Abravanel e le Regioni. Ovvero gli atti di fede della propaganda al servizio del neonazionalismo del Governo Monti, di Giuseppe Corongiu

Abravanel e le Regioni. Ovvero gli atti di fede della propaganda al servizio del neonazionalismo del Governo Monti

 

Il preludio propagandistico all’attentato anticostituzionale del governo cosiddetto “tecnico” alle autonomie speciali è molto indicativo per capire l’aria che si respira in Italia di questi tempi.  L’esecutivo guidato da Mario Monti, alfiere dell’economicismo esasperato e della lotta agli sprechi, è stato agevolato da una grancassa mediatica di delegittimazione delle Regioni.  In particolare da una lunga serie di servizi giornalistici e opinioni di presunti “esperti” pubblicati nei maggiori quotidiani.

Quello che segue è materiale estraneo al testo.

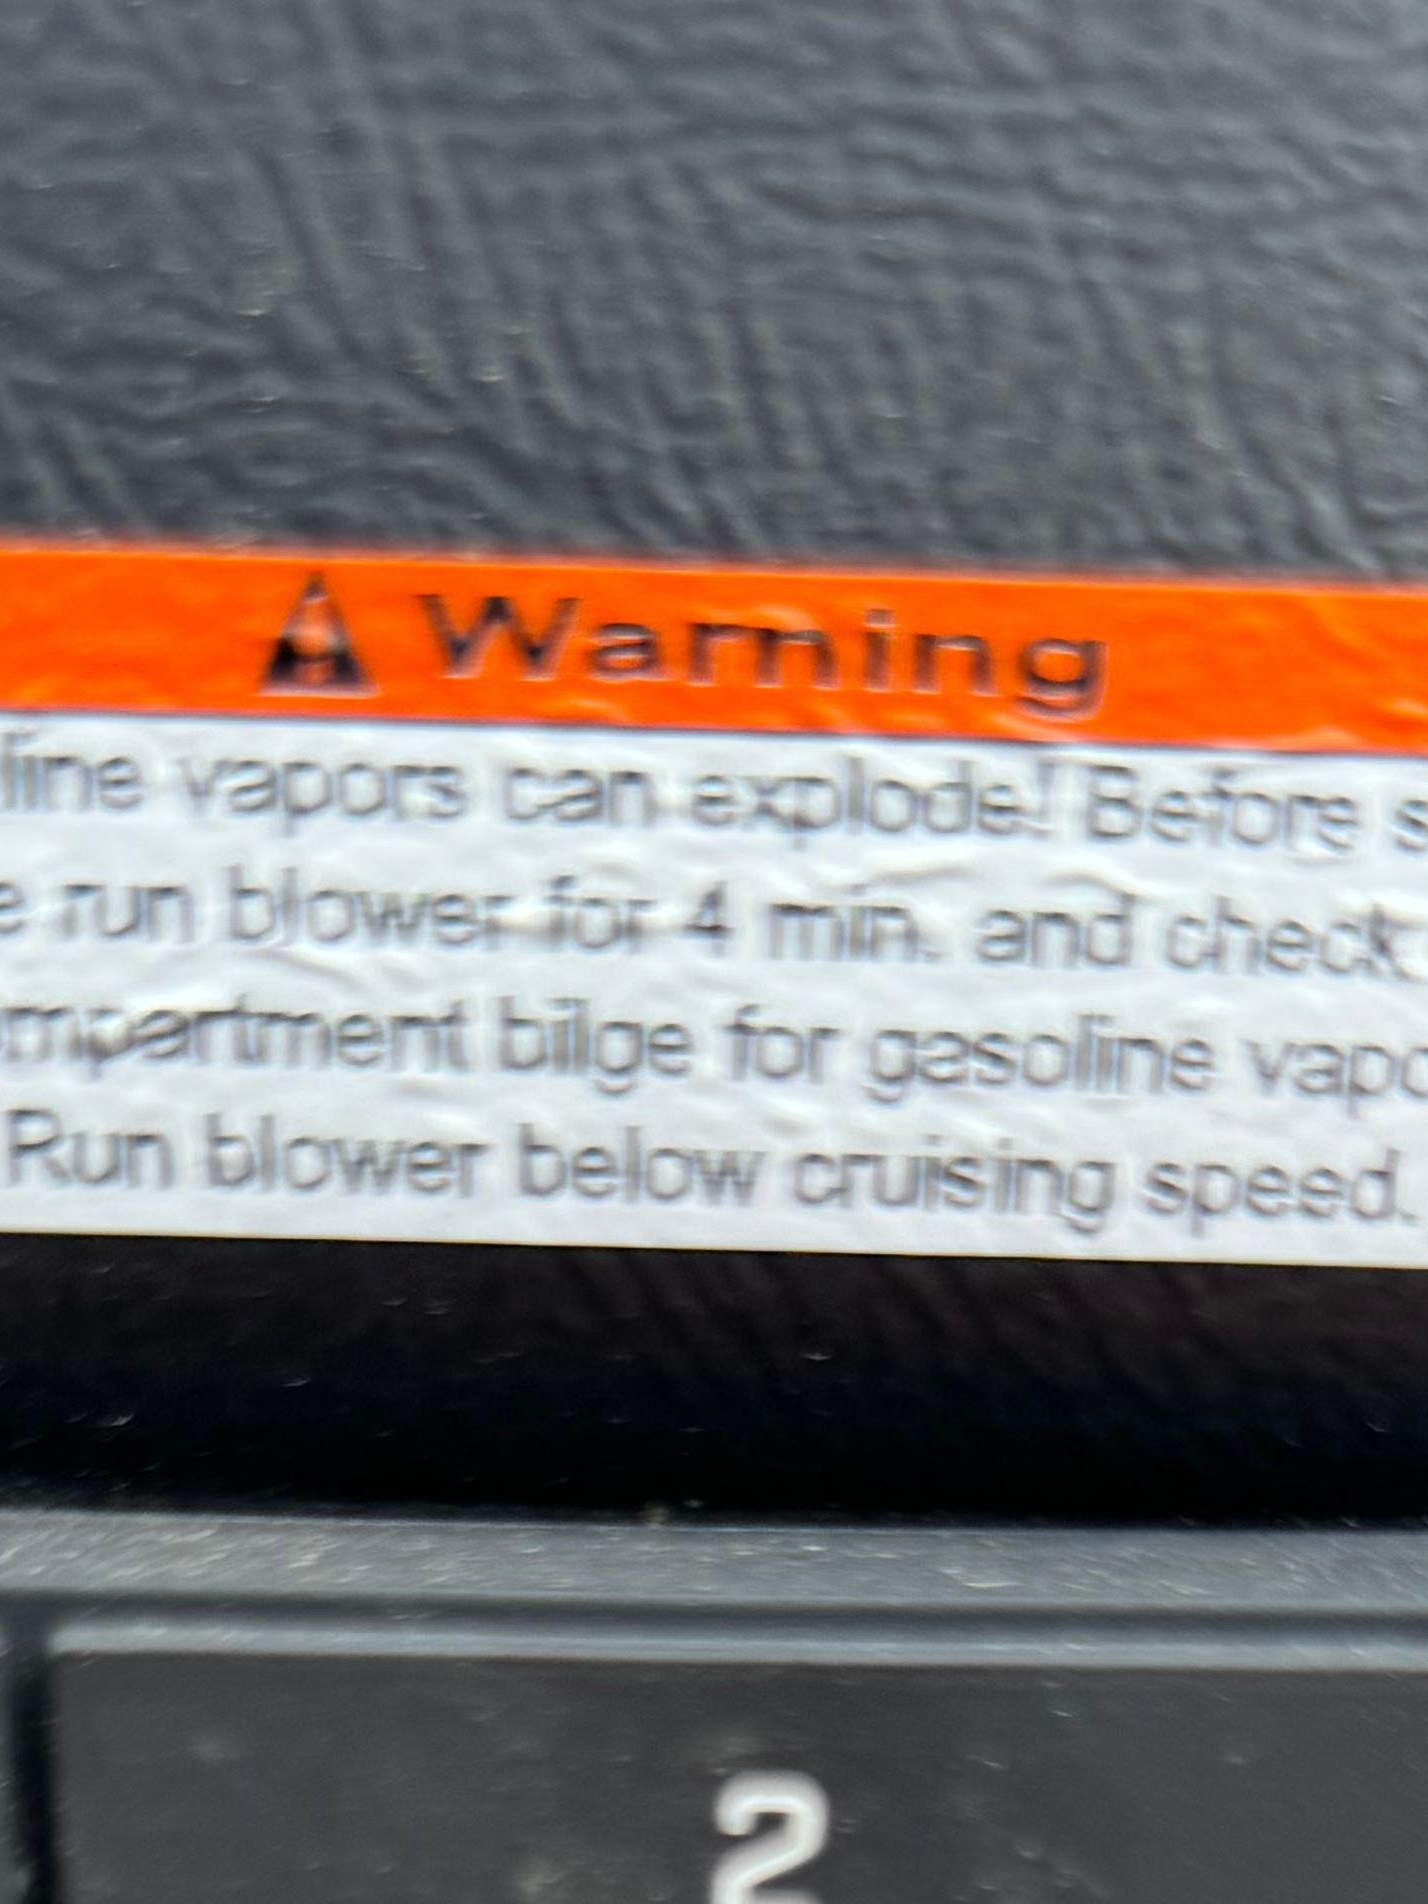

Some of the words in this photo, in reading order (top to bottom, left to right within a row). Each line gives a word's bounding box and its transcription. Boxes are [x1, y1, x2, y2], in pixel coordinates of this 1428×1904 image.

E’ da tempo che gli opinionisti mainstream dell’alta finanza hanno deciso di cavalcare la crisi finanziaria e alcuni scandali locali, anche nostri sardi, per portare un attacco feroce alle autonomie locali. I soldi gestiti sul territorio, in tempi di magra, fanno gola anche a loro. Uno fra tutti, la domenica precedente alla seduta del Consiglio dei Ministri che si è proposto di modificare la Costituzione, in prima pagina del Corriere della Sera, quello di tale Roger Abravanel che si occupava di sprechi, federalismo, centralismo e abolizione delle Regioni.

La tesi di Roger Abravanel, ingegnere prestato alla carriera nelle multinazionali e autore recente di best seller sulla “meritocrazia”, è presto riassunta. L’istituzione delle Regioni in Italia è stata un fallimento: esse avrebbero bloccato il liberalismo e il liberismo, moltiplicato i fronti della corruzione, portato un sacco di sprechi, reso inefficiente e antimeritocratica l’Italia, diviso il Paese in contenitori territoriali senza identità nei quali la gente non si identifica.

Un discorso qualunquista, che si potrebbe fare, al bar dello sport, anche per l’Amministrazione Centrale. Del resto la corruzione e gli sprechi, in Italia, non sono nati con le istituzioni locali. Però oggi si preferisce puntare arbitrariamente sulle Regioni, sulle Province e magari domani sui Comuni. Meglio “tagliare” a casa d’altri piuttosto che nella propria.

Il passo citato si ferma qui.